The Welsh Assembly's Bill sought to require those liable for asbestos-related diseases, and their insurers, to reimburse the Welsh NHS for treatment costs. The Supreme Court held the Bill fell outside the Assembly's legislative competence and breached A1P1 of the ECHR.
Facts
The Counsel General for Wales referred to the Supreme Court the question whether the Recovery of Medical Costs for Asbestos Diseases (Wales) Bill fell within the legislative competence of the National Assembly for Wales under the Government of Wales Act 2006 (GOWA). The Bill imposed a novel statutory liability on persons making compensation payments (“compensators”) to victims of asbestos-related diseases to reimburse Welsh Ministers for the cost of NHS services provided to those victims. Section 14 further extended liability to the compensators’ liability insurers, overriding policy terms and applying to policies issued before the Bill’s commencement. Section 15 required Welsh Ministers to have regard to the desirability of applying equivalent sums to research, treatment or services relating to asbestos-related diseases. The Association of British Insurers intervened, challenging principally section 14.
Issues
Two issues fell for determination:
- Whether the Bill fell within the Assembly’s legislative competence under section 108(4) and (5) GOWA, by reference to paragraph 9 of Part 1 of Schedule 7 (“Organisation and funding of national health service”).
- Whether, if it did, the Bill was incompatible with Article 1 of Protocol 1 (A1P1) to the ECHR and thus outside competence under section 108(6).
Arguments
Counsel General for Wales
It was argued that “funding” in paragraph 9 went beyond the mere allocation of resources and encompassed the raising of monies for the NHS, including the imposition of charges on compensators. Section 14 was justified under section 108(5) as incidental or consequential to section 2. On A1P1, it was submitted that the legislature’s judgment of the public interest should be respected unless manifestly without reasonable foundation, and that the Bill pursued legitimate economic and social policy aims warranted by the financial pressures on the Welsh NHS.
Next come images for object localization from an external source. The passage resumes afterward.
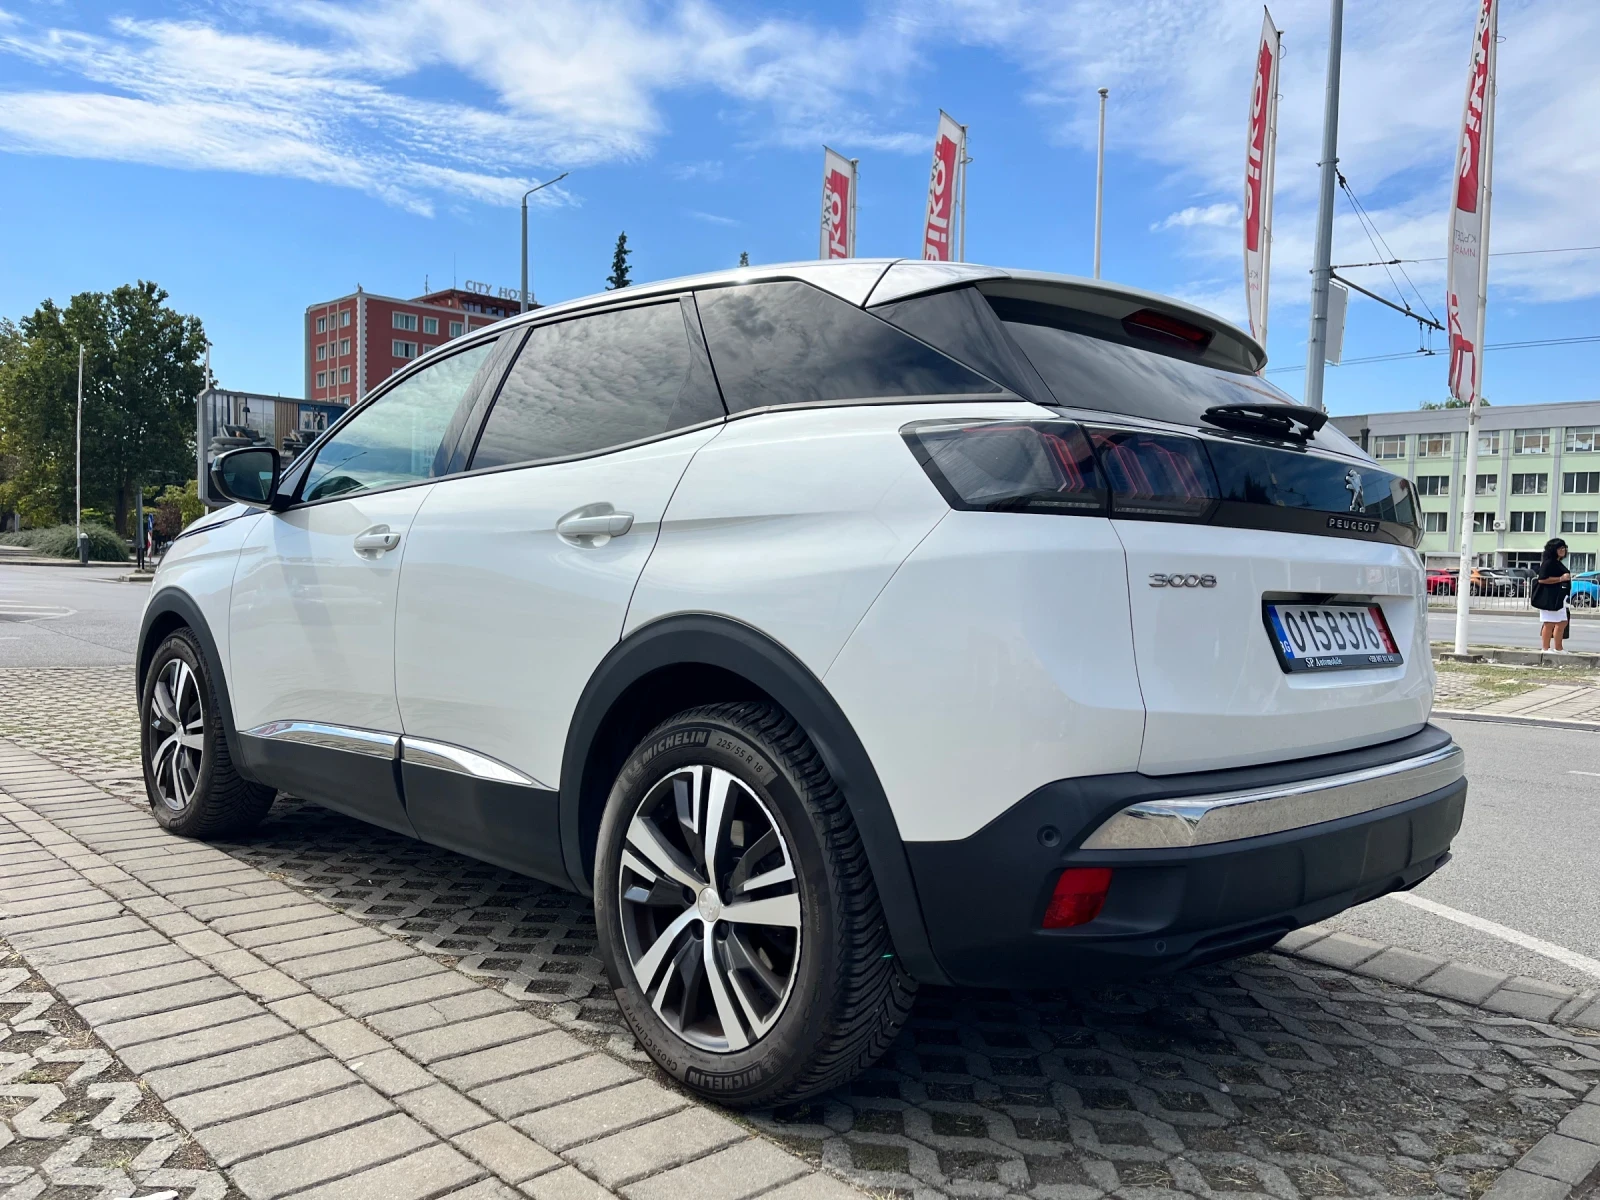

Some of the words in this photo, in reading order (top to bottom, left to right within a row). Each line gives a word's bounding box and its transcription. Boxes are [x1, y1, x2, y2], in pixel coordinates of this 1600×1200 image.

[465, 280, 492, 295] CITY
[1329, 518, 1376, 532] PEUGEOT
[1149, 573, 1217, 588] 3008
[1284, 611, 1380, 652] 015B376
[642, 731, 707, 764] MICHELIN
[716, 738, 746, 758] 225/55
[745, 755, 753, 764] R
[753, 762, 764, 773] 18
[624, 1004, 678, 1072] CROSSCLIMATE
[689, 1064, 761, 1090] MICHELIN
Interveners (Association of British Insurers)
It was submitted that paragraph 9 conferred no power to raise charges, particularly not by imposing novel statutory liabilities on third parties such as compensators and their insurers. Section 14 retrospectively rewrote insurance contracts, imposing uncovenanted liabilities on insurers in respect of policies underwritten decades earlier. This deprived insurers of their possessions contrary to A1P1, without special justification for retrospectivity.
Judgment
Lord Mance (with whom Lord Neuberger and Lord Hodge agreed)
Lord Mance held that even assuming paragraph 9 was capable to some extent of covering the raising of monies (such as by charging users of NHS services), it could not extend to imposing liabilities on third parties having no direct connection with the NHS. Any permitted charging power would have to be “more directly connected with the service provided and its funding”. The connection between the alleged wrongdoing of compensators and NHS funding was at best “indirect, loose or consequential”. Section 15 did not achieve genuine hypothecation, since it required only regard to desirability.
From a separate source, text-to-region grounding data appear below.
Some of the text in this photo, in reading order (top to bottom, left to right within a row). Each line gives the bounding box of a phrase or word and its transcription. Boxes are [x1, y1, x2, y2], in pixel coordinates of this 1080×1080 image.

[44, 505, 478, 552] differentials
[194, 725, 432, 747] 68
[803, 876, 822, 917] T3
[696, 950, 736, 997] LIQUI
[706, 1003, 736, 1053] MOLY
As to section 14, this engaged an entirely different relationship — that between compensators and insurers — and could not be characterised as enforcing, making effective, or being incidental or consequential upon section 2 within section 108(5). Citing Martin v Most and Attorney General v National Assembly for Wales Commission, Lord Mance held section 14 raised separate and important issues of principle.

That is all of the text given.